Set down each line of the material that follows, exactly, with no pictures.
___ RECORDS SHOWN ___
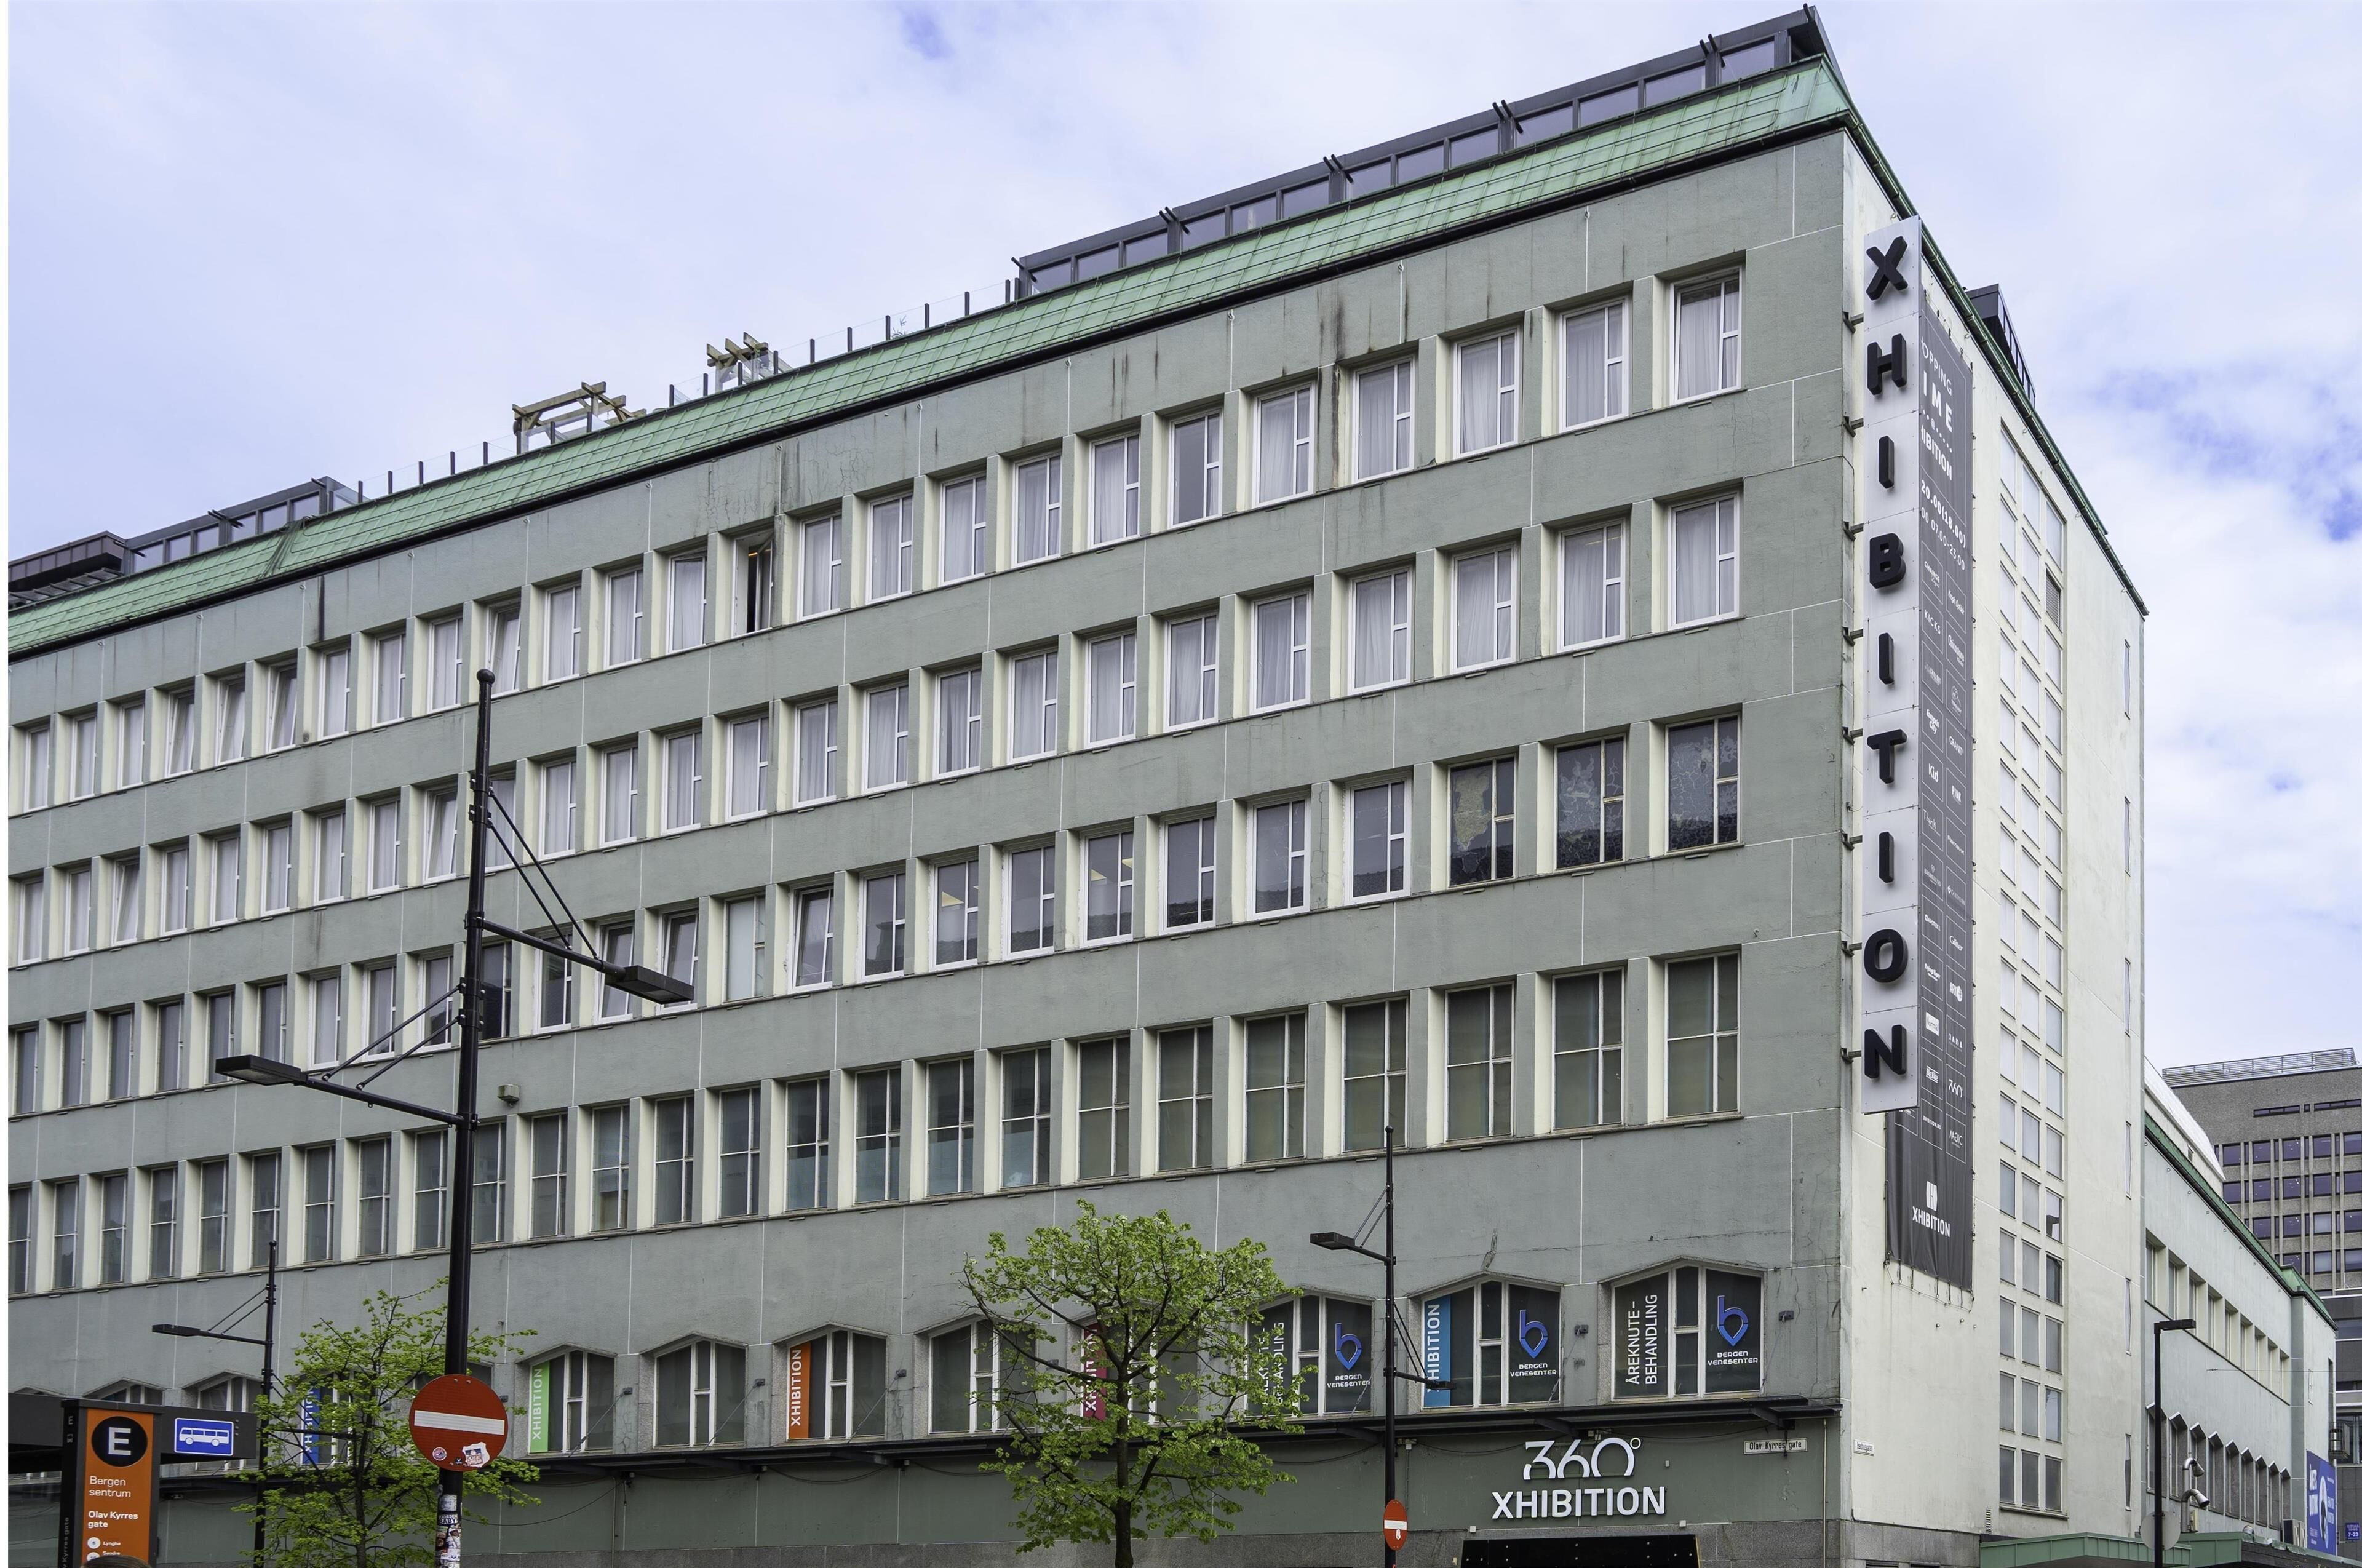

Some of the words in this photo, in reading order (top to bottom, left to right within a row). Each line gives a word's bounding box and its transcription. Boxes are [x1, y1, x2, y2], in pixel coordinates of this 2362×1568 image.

[1922, 337, 1952, 396] OPPING
[1923, 370, 1952, 432] IME
[1921, 424, 1952, 480] IBITION
[1925, 610, 1940, 634] KICKS
[1864, 236, 1908, 1079] XHIBITION
[1928, 763, 1939, 782] Kid
[1912, 1206, 1950, 1238] XHIBITION
[1626, 1301, 1640, 1385] ÅREKNUTE-
[1645, 1295, 1657, 1384] BEHANDLING
[533, 1368, 542, 1440] XHIBITION
[791, 1350, 801, 1427] XHIBITION
[68, 1416, 73, 1425] E
[108, 1427, 132, 1455] E
[1765, 1441, 1786, 1451] Kyrres
[1789, 1441, 1802, 1450] gate
[89, 1489, 131, 1497] sentrum
[90, 1476, 126, 1487] Bergen
[1492, 1486, 1665, 1519] XHIBITION
[88, 1520, 108, 1529] gate
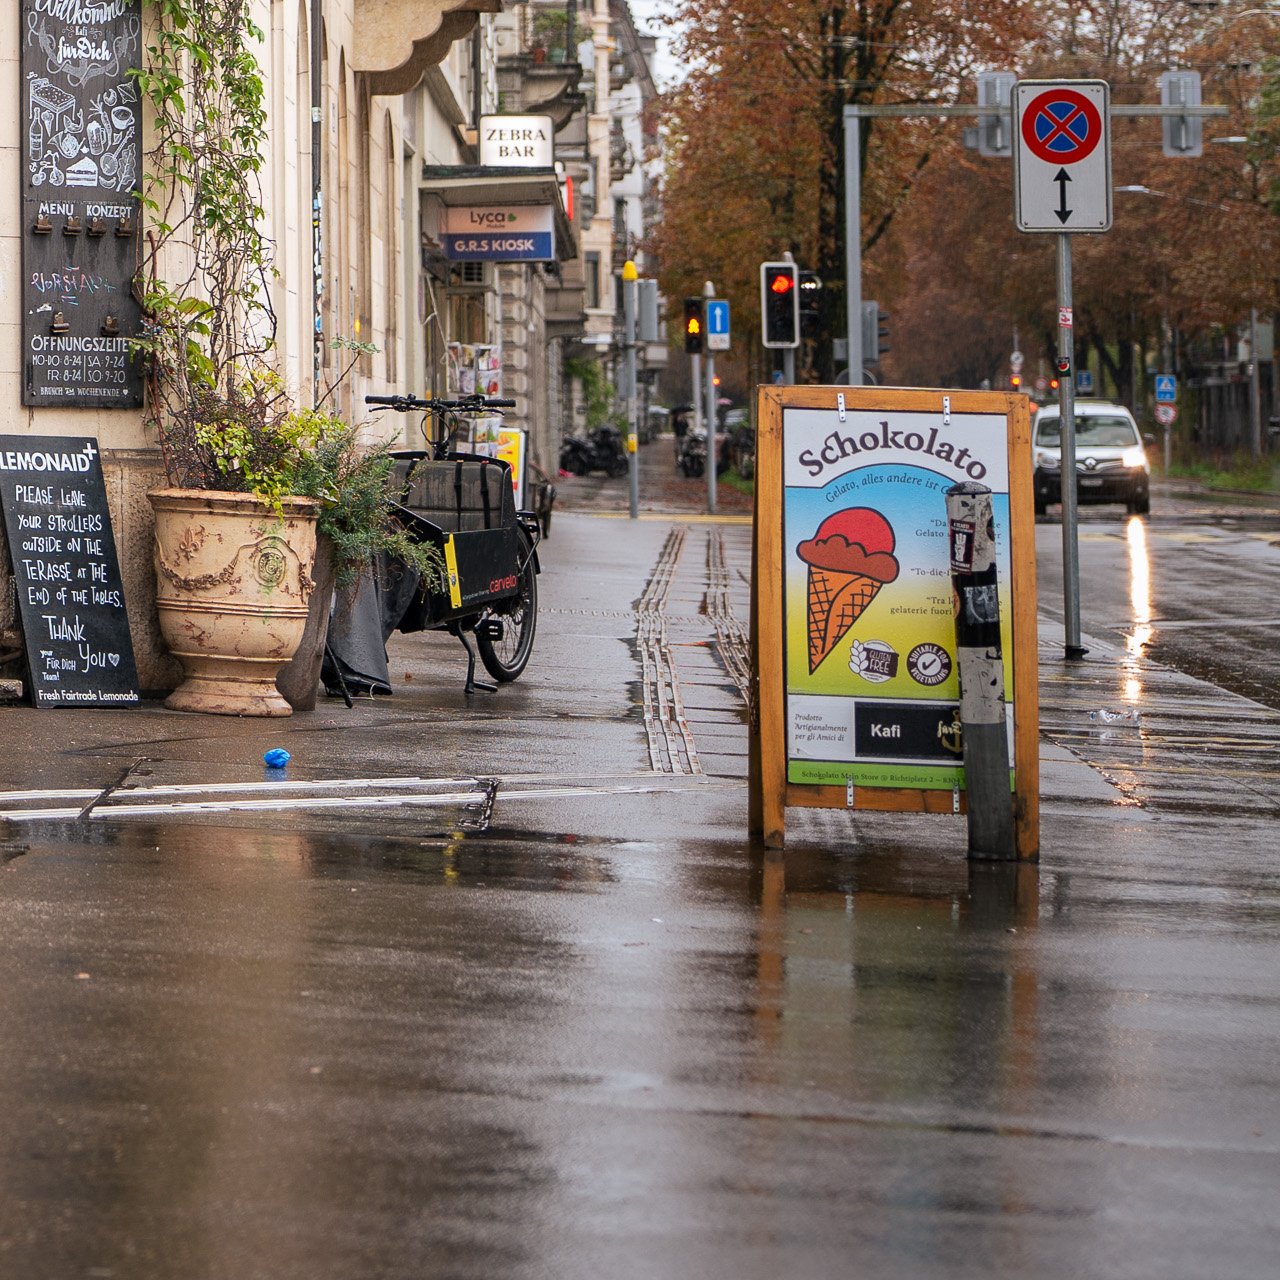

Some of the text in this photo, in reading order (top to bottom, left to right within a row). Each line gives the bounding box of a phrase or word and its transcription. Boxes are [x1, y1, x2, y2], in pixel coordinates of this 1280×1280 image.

[486, 127, 547, 142] ZEBRA
[498, 145, 536, 158] BAR
[38, 202, 133, 219] MENU KONZERT
[470, 210, 506, 226] Lyca
[492, 238, 536, 252] KIOSK
[30, 334, 130, 353] ÖFFNUNGSZEITE
[63, 354, 82, 366] 8-24
[105, 355, 125, 368] 9-24
[63, 369, 82, 382] 8-24
[105, 370, 126, 383] 9-20
[798, 420, 988, 480] Schokolato
[15, 484, 54, 505] PLEASE
[825, 478, 860, 504] Gelato,
[861, 473, 884, 487] alles
[886, 472, 923, 487] andere
[925, 477, 939, 491] ist
[915, 528, 945, 538] Gelato
[83, 538, 104, 556] THE
[77, 568, 87, 579] AT
[88, 562, 108, 583] THE
[489, 574, 518, 593] carvelo
[28, 586, 49, 605] END
[71, 589, 88, 605] THE
[889, 605, 953, 616] gelaterie fuori
[869, 650, 892, 662] GLUTEN
[909, 644, 936, 664] SUITABLE
[936, 647, 950, 664] FOR
[869, 658, 891, 674] FREE
[910, 666, 950, 685] VEGETARIANS
[38, 689, 139, 701] Fresh Fairtrade Lemonade
[794, 713, 823, 722] Prodotto
[794, 733, 806, 741] per
[806, 733, 816, 741] gli
[817, 733, 836, 742] Amici
[870, 723, 901, 738] Kafi
[801, 771, 839, 781] Schokolato
[861, 773, 879, 781] Store
[890, 774, 927, 785] Richtiplatz
___
- **YOUR RESPONSE**
Some of the words in this photo, in reading order (top to bottom, left to right within a row). Each line gives a word's bounding box and its transcription. Boxes are [x1, y1, x2, y2], in pixel coordinates of this 2362×1568 image.

[1922, 337, 1952, 396] OPPING
[1923, 370, 1952, 432] IME
[1921, 424, 1952, 480] IBITION
[1925, 610, 1940, 634] KICKS
[1864, 236, 1908, 1079] XHIBITION
[1928, 763, 1939, 782] Kid
[1912, 1206, 1950, 1238] XHIBITION
[1626, 1301, 1640, 1385] ÅREKNUTE-
[1645, 1295, 1657, 1384] BEHANDLING
[533, 1368, 542, 1440] XHIBITION
[791, 1350, 801, 1427] XHIBITION
[68, 1416, 73, 1425] E
[108, 1427, 132, 1455] E
[1765, 1441, 1786, 1451] Kyrres
[1789, 1441, 1802, 1450] gate
[89, 1489, 131, 1497] sentrum
[90, 1476, 126, 1487] Bergen
[1492, 1486, 1665, 1519] XHIBITION
[88, 1520, 108, 1529] gate

Some of the text in this photo, in reading order (top to bottom, left to right within a row). Each line gives the bounding box of a phrase or word and its transcription. Boxes are [x1, y1, x2, y2], in pixel coordinates of this 1280×1280 image.

[486, 127, 547, 142] ZEBRA
[498, 145, 536, 158] BAR
[38, 202, 133, 219] MENU KONZERT
[470, 210, 506, 226] Lyca
[492, 238, 536, 252] KIOSK
[30, 334, 130, 353] ÖFFNUNGSZEITE
[63, 354, 82, 366] 8-24
[105, 355, 125, 368] 9-24
[63, 369, 82, 382] 8-24
[105, 370, 126, 383] 9-20
[798, 420, 988, 480] Schokolato
[15, 484, 54, 505] PLEASE
[825, 478, 860, 504] Gelato,
[861, 473, 884, 487] alles
[886, 472, 923, 487] andere
[925, 477, 939, 491] ist
[915, 528, 945, 538] Gelato
[83, 538, 104, 556] THE
[77, 568, 87, 579] AT
[88, 562, 108, 583] THE
[489, 574, 518, 593] carvelo
[28, 586, 49, 605] END
[71, 589, 88, 605] THE
[889, 605, 953, 616] gelaterie fuori
[869, 650, 892, 662] GLUTEN
[909, 644, 936, 664] SUITABLE
[936, 647, 950, 664] FOR
[869, 658, 891, 674] FREE
[910, 666, 950, 685] VEGETARIANS
[38, 689, 139, 701] Fresh Fairtrade Lemonade
[794, 713, 823, 722] Prodotto
[794, 733, 806, 741] per
[806, 733, 816, 741] gli
[817, 733, 836, 742] Amici
[870, 723, 901, 738] Kafi
[801, 771, 839, 781] Schokolato
[861, 773, 879, 781] Store
[890, 774, 927, 785] Richtiplatz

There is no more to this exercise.